Кривич вводит Гумилева в уже поминавшийся кружок «Вечера Случевского». Когда-то, при жизни Константина Константиновича, на его «пятницах» бывали и Владимир Соловьев, и Фофанов, и молодой Бальмонт, и молодые Мережковские. С тех пор утекло много воды: в дни, когда туда попал Гумилев, кружок был оттеснен далеко на периферию литературной жизни. Невесть зачем Гумилев захаживал сюда до 1915 года — и один, и с Ахматовой. Никакого пиетета к нему здесь не испытывали, но терпели его — как «декадента строгого рисунка». Известен эпизод (относящийся к апрелю 1911 года), когда стихи Гумилева («И снова царствует Багдад, и снова странствует Синдбад…») на миг пробудили мирно спящего поэта с завидным — причем подлинным! — именем Аполлон Коринфский. На фоне других членов кружка Коринфский был чуть ли не классиком: его стихи обильно включались в «традиционалистские» антологии и «Чтеца-декламатора». Внешне он напоминал не столько Аполлона, сколько скифского или гуннского шамана: маленькие глазки, выступающие скулы, черные космы, густая бородища; да и родился он не в Коринфе, а в Симбирске — и был одноклассником В. И. Ульянова-Ленина. Главное же — что в свое время Коринфский (мы упоминали об этом) перевел «Старого морехода» Кольриджа. Стихи о морских странствиях, о Синдбаде недаром вывели из спячки этого посредственного стихотворца и смешного человечка…

Практически одновременно Гумилев входит в другой (куда более «актуальный») литературный круг.

Уже в ноябре 1908 года он впервые появляется на Башне Вячеслава Иванова.

Об этой квартире в доме на углу Тверской и Таврической улиц, где впервые прозвучавшая «Незнакомка» Блока была продолжена в вечность пением паркового соловья, где Мережковский после обыска тщетно искал якобы украденную жандармами шапку, а молодой социалист-богостроитель Луначарский доказывал, что пролетариат есть современное воплощение платоновского Эроса, написано много; повторяться не хочется. Дни самых раскованных и безоглядных духовных поисков обитателей Башни (поисков, зачастую переходивших и в плотскую сферу, но непременно с мистическим «вторым значением») миновали со смертью Диотимы — Лидии Дмитриевны Зиновьевой-Аннибал, жены Вячеслава Иванова. Она в одночасье сгорела в 1907 году от опасной в ту допенициллинную эпоху скарлатины. В конце 1908-го вместе с «огненным Вячеславом» гостей Башни принимала молодая хозяйка — 18-летняя Вера Шварсалон, дочь Зиновьевой-Аннибал от первого брака, хрупкая и одухотворенная, не похожая на свою яркую и несколько тяжеловесную мать.
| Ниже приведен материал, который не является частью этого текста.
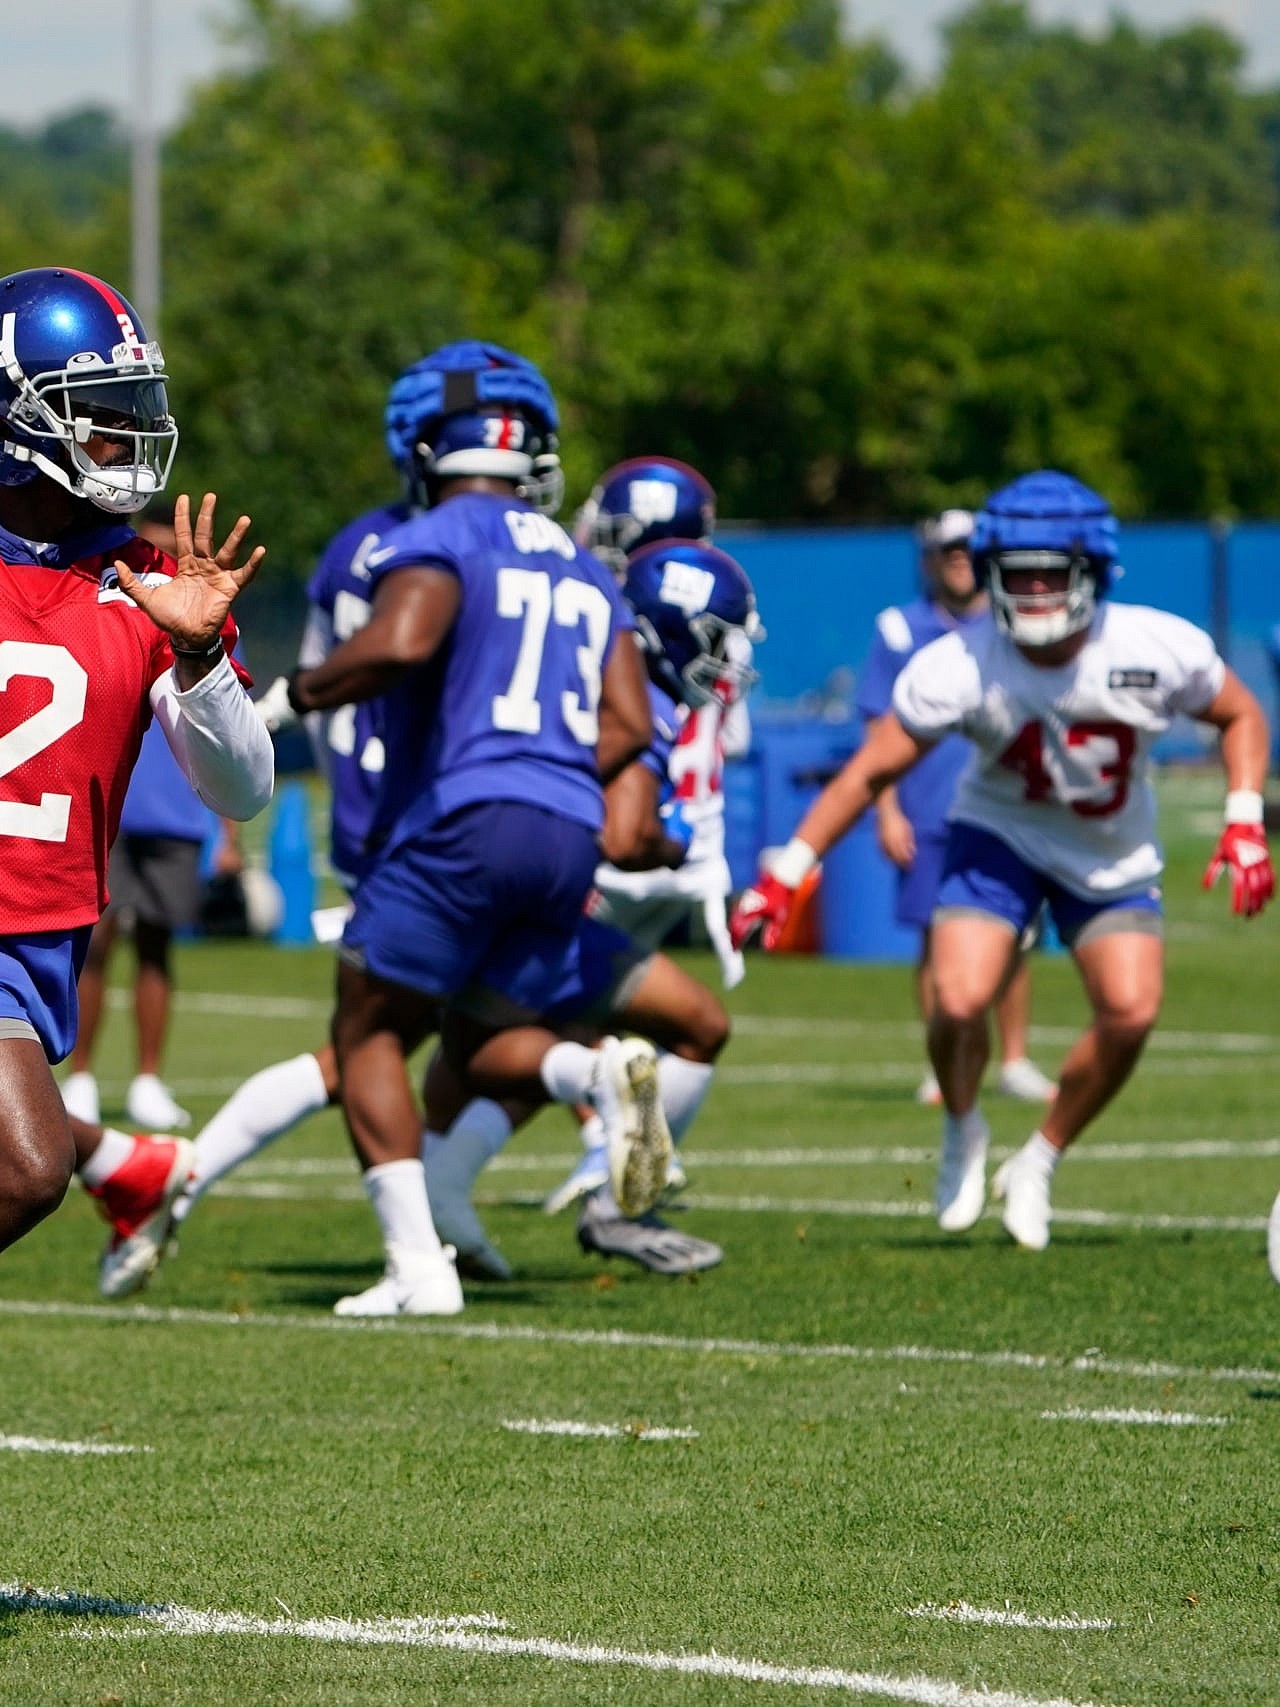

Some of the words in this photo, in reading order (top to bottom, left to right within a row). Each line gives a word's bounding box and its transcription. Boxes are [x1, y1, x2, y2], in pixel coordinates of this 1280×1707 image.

[117, 314, 139, 346] 2
[492, 567, 611, 746] 73
[998, 718, 1136, 820] 43
Спустя три с половиной года она станет женой своего отчима; но пока об этой двусмысленной любовной истории, которая положит конец Башне, никто и не думает.

Когда-то юному читателю «Весов» казалось, что деятелей нового искусства должны связывать братские узы. До известного момента это было не так уж далеко от истины. Чувство духовного товарищества поэтов-символистов, конечно, существовало, и выражалось оно порою в формах, для современного человека странных. «Я помню, целовал его глаза (а глаза его — темные, прекрасные, подчас гениальные) неоднократно» (М. Альтман, «Разговоры с Вячеславом Ивановым»). Экзальтация, удивительная для взрослых гетеросексуальных мужчин (а Иванов, несмотря на общество «Гафиз» и прочие робкие эксперименты 1906–1907 годов, был от природы, конечно, чистейшим гетеросексуалом, как и Брюсов, о котором идет речь). Но уже к середине 1900-х стал намечаться раскол — точнее, целый комплекс расколов: между «старшими» и «младшими» символистами, между теми, кто видел в символе лишь средство передачи тонких ощущений и настроений, и теми, для кого символическая поэзия была средством мистического познания, между оккультистами и «новыми христианами», между индивидуалистами и теми, кто мечтал о «соборном действе». Так, в новой аранжировке, возобновлялись старые русские споры — споры сторонников «чистого» и ангажированного искусства, славянофилов и западников. Брюсов и Иванов были по большинству параметров в противоположных лагерях; после 1917-го интеллектуальный и духовный раскол дополнится политическим. В одном из тех же разговоров с Альтманом (происходивших, напомню, в 1920–1924 годы в Баку) Иванов скажет: «Еще посмотрим, что останется от Брюсова через десять лет… Он от отца лжи, он проституировал поэзию…» Почти столь же жесткие слова говорил он в эти годы Брюсову в лицо (в присутствии В. А. Мануйлова).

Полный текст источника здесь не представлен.